Artwork design by James Barringer, age 9. A pupil at Moordown St John’s CE Primary School, Bournemouth. Winner of Conor Burns MP’s Christmas Card Competition 2013.

Since the past edition, Conor has:
Attended a meeting of the Poole & Christchurch Bays’ Association to oppose the Navitus Bay Wind Farm. Visited Moordown St John’s school to present pupil James Barringer with his award for winning Conor’s 2014 Christmas Card Competition. Answered questions at a meeting of the UK Arts and Design Industry Association, chaired by Professor Stuart Bartholomew of Arts University Bournemouth. Met in Westminster with a delegation of parliamentary staff from Turkey, hosted by Bournemouth’s MLS Language School.
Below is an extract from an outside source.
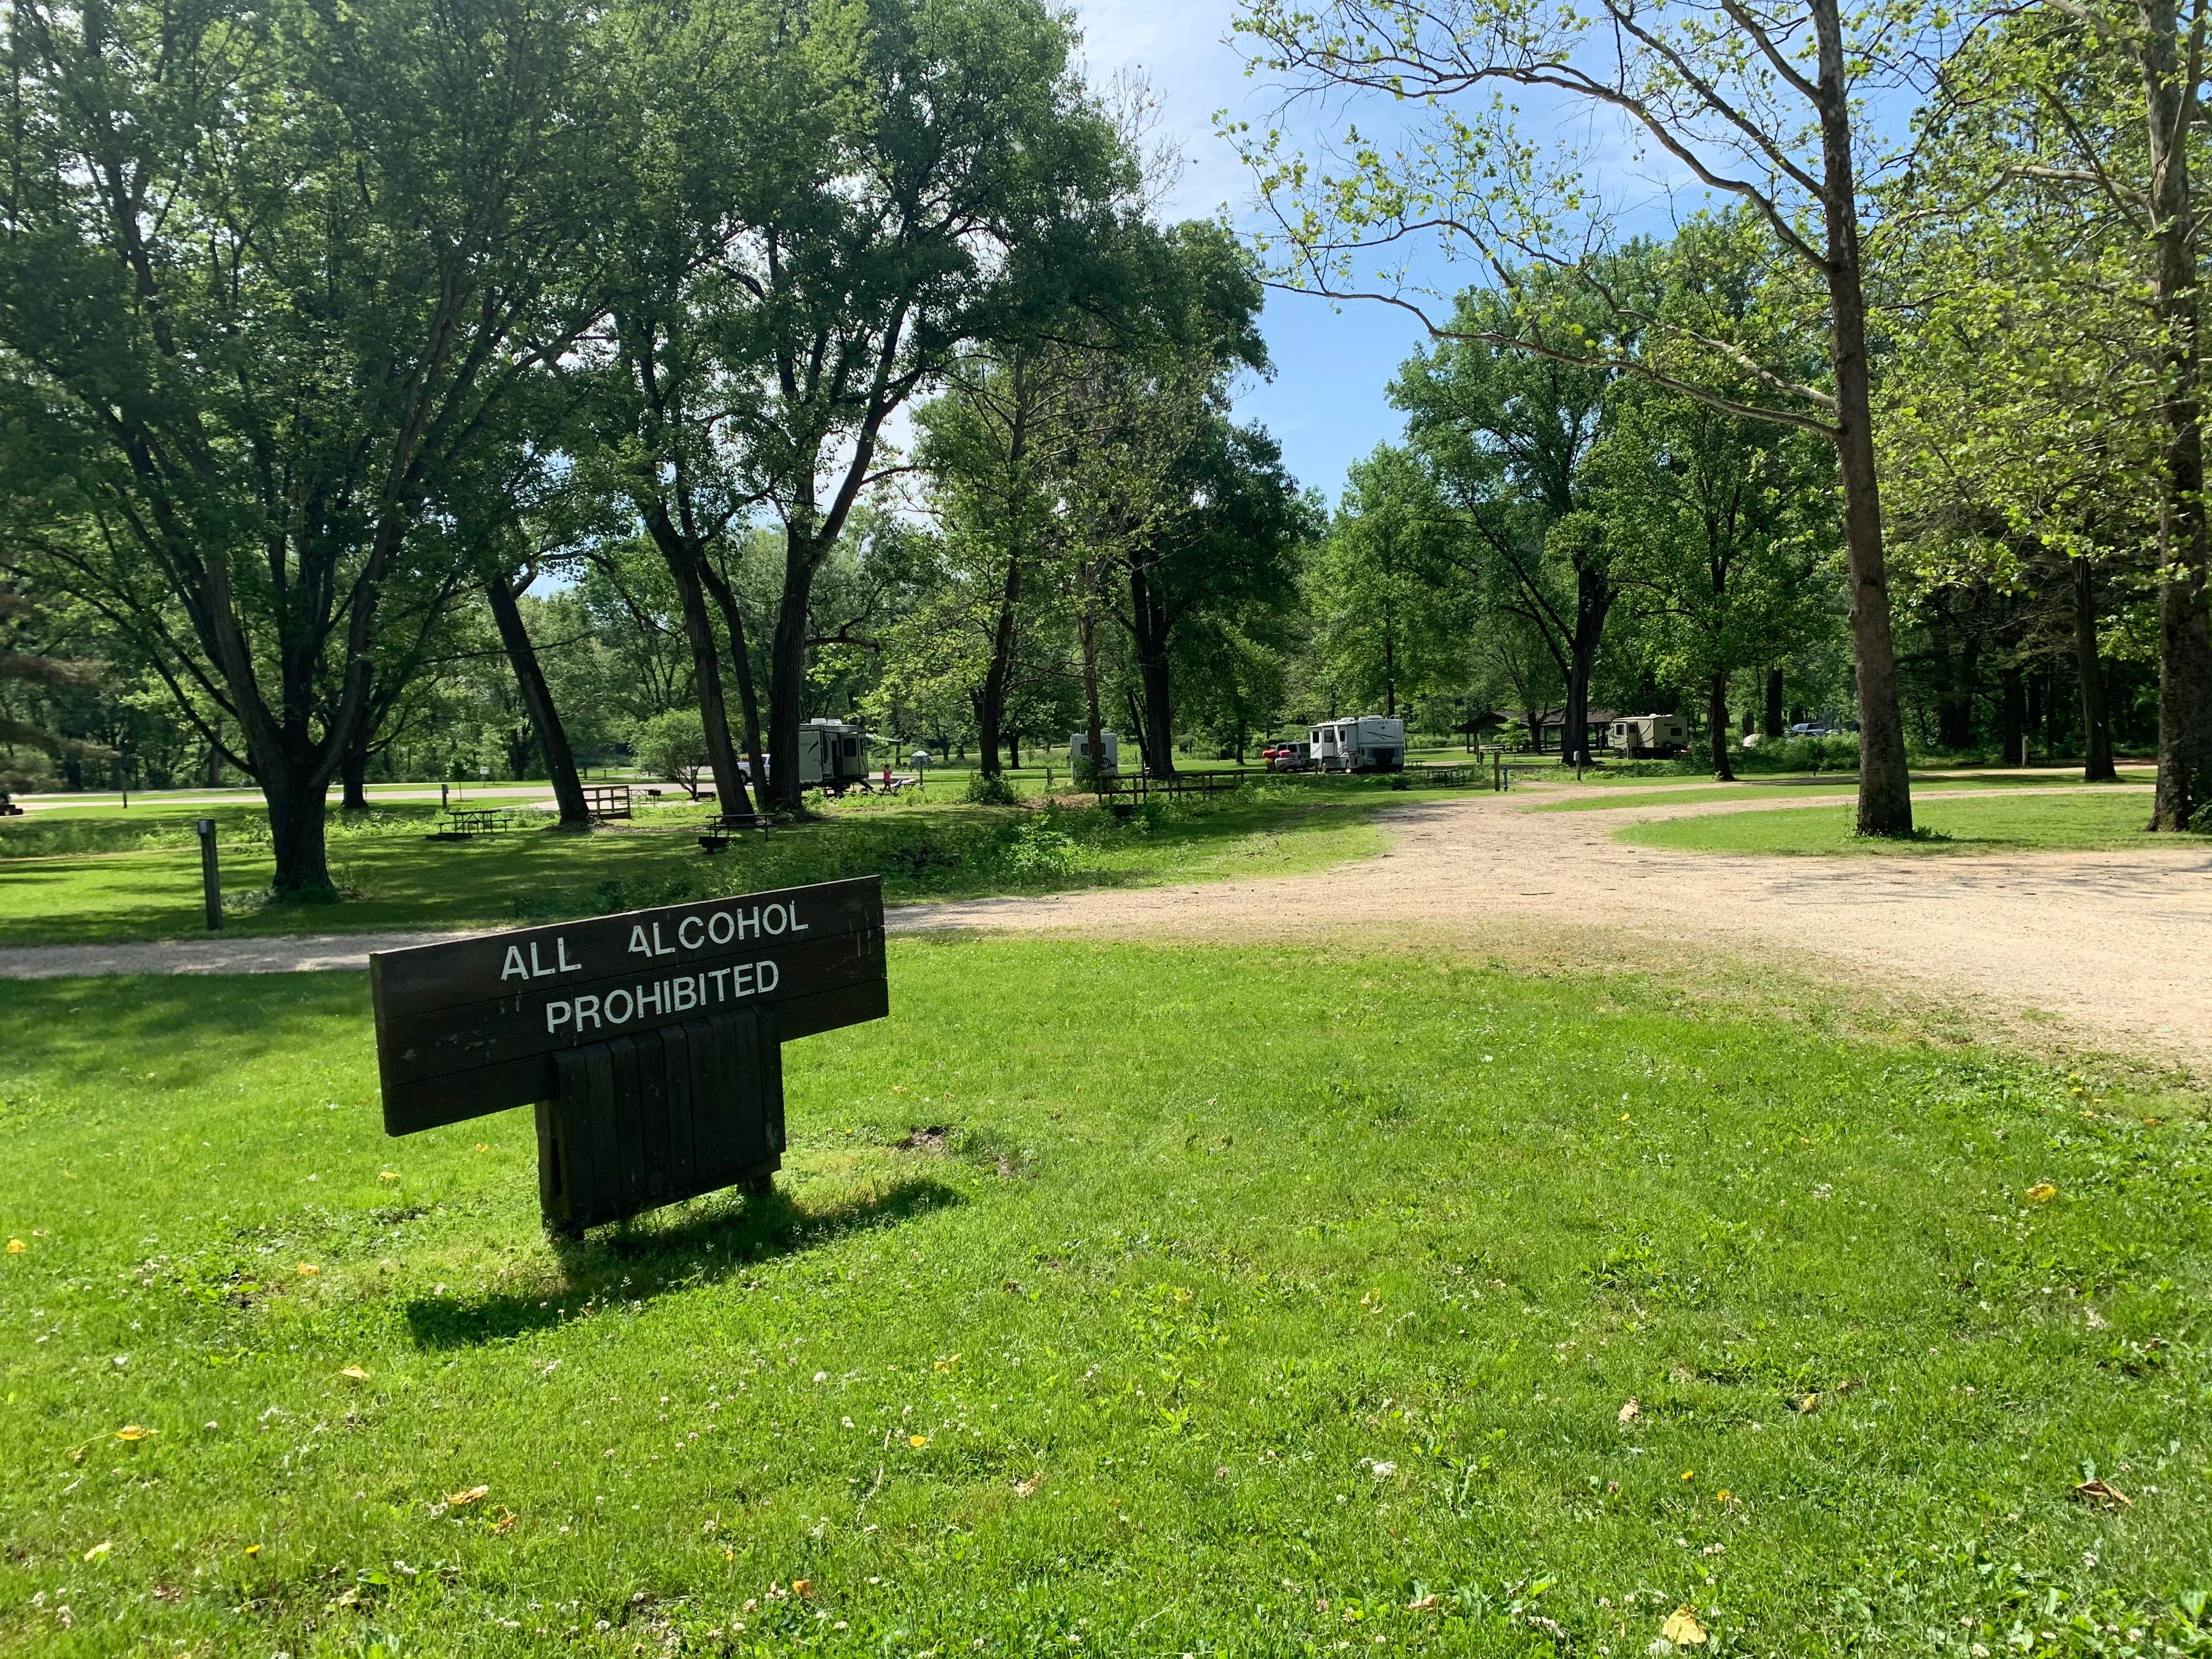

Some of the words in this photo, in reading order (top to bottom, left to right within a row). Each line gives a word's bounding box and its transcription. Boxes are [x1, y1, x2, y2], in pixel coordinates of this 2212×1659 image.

Answered questions from Bournemouth University Politics Society students at an event in the House of Commons. Been featured in the Bournemouth Echo regarding MPs’ pay, the campaign to ban looped blind cords, the difficulty of reporting Twitter abuse, and the CQC report into the Royal Bournemouth Hospital. Attended a meeting with a teacher from the Bourne Academy with Michael Gove, the Secretary of State for Education, to discuss the Government’s education reforms. Launched the first donor club for The Margaret Thatcher Centre at the East India Club. Hosted a meeting for Conservative MPs with Governor Jeb Bush in the House of Commons. Been mentioned in the Daily Mail regarding the BBC’s coverage of Nelson Mandela’s death, and in the Daily Telegraph regarding the BBC’s decision to drop of segment of the One Show for being too focused on England. Held a surgery at the Triangle to help local residents with their problems.

Photo news:

Bourne Acacemy teacher dicusses education reform with Secretary of State for Education

Conor with Bourne Academy teacher Kate Forbes and Secretary of State for Education, Michael Gove.

Photo news:

MP's Christmas Card competition winner 2013

Conor with Christmas Card Competition Winner James Barringer, a pupil at Moordown St John’s CE Primary School, Bournemouth.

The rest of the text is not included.